++++ GIVEN ENTRIES

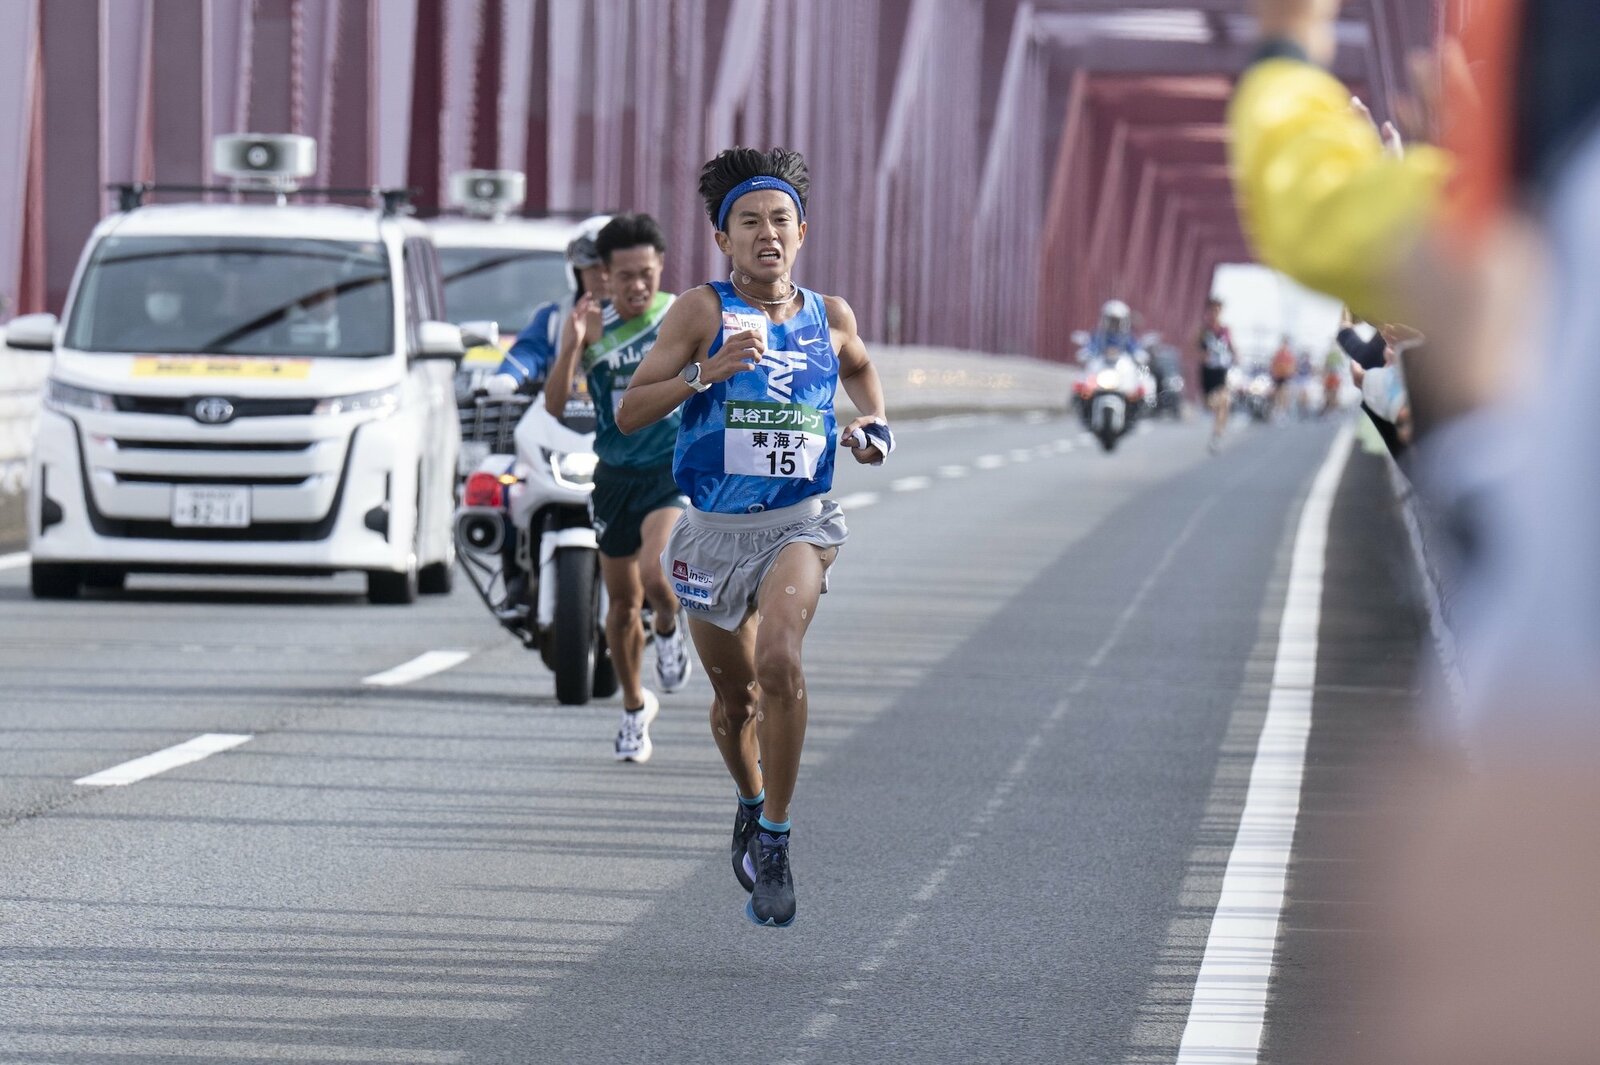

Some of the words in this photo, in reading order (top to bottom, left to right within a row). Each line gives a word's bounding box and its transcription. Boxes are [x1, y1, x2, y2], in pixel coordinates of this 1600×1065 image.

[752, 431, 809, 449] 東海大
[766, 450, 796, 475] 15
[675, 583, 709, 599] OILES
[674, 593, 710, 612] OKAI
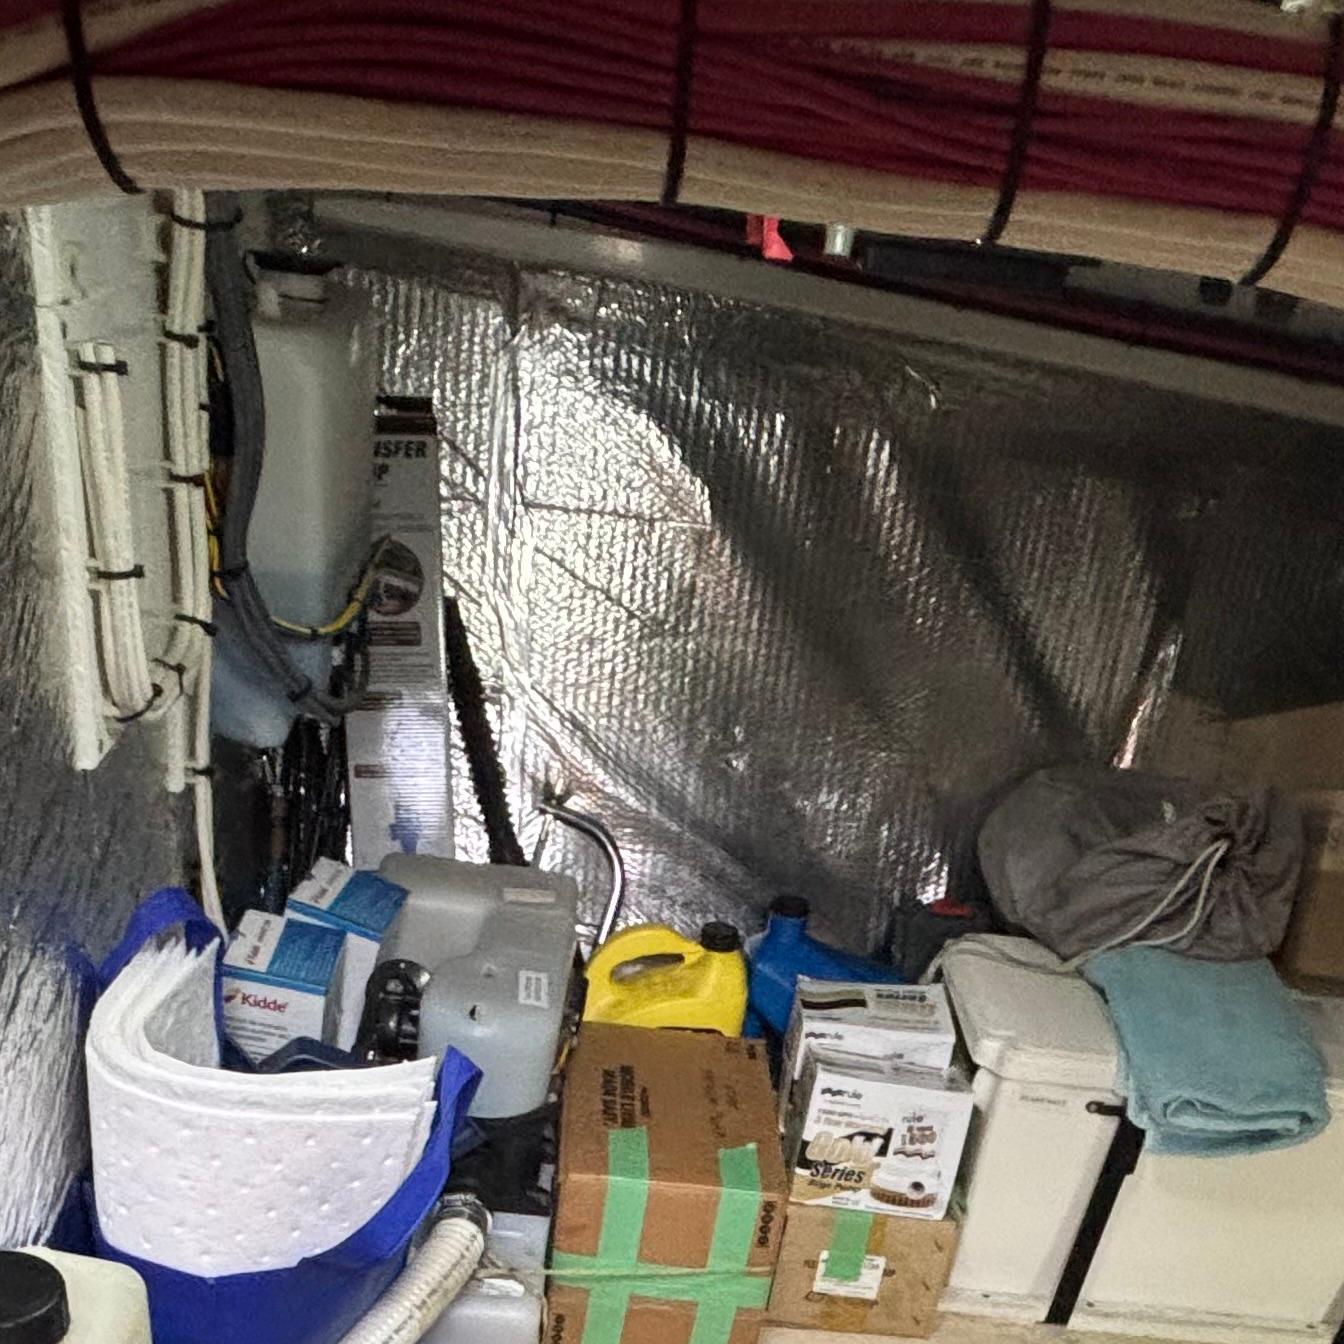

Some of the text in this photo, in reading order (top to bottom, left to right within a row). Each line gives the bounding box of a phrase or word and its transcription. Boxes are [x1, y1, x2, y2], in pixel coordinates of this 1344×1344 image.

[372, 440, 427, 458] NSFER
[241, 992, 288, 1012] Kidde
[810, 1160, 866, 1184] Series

++++++++

◆ **WHAT YOU ARE ASKED TO DO**:
Provide an exact transcript of the lines from the one that holds "Some of the text" through the final line of the data above.

◆ **RESULT OF THE TASK**:
Some of the text in this photo, in reading order (top to bottom, left to right within a row). Each line gives the bounding box of a phrase or word and its transcription. Boxes are [x1, y1, x2, y2], in pixel coordinates of this 1344×1344 image.

[372, 440, 427, 458] NSFER
[241, 992, 288, 1012] Kidde
[810, 1160, 866, 1184] Series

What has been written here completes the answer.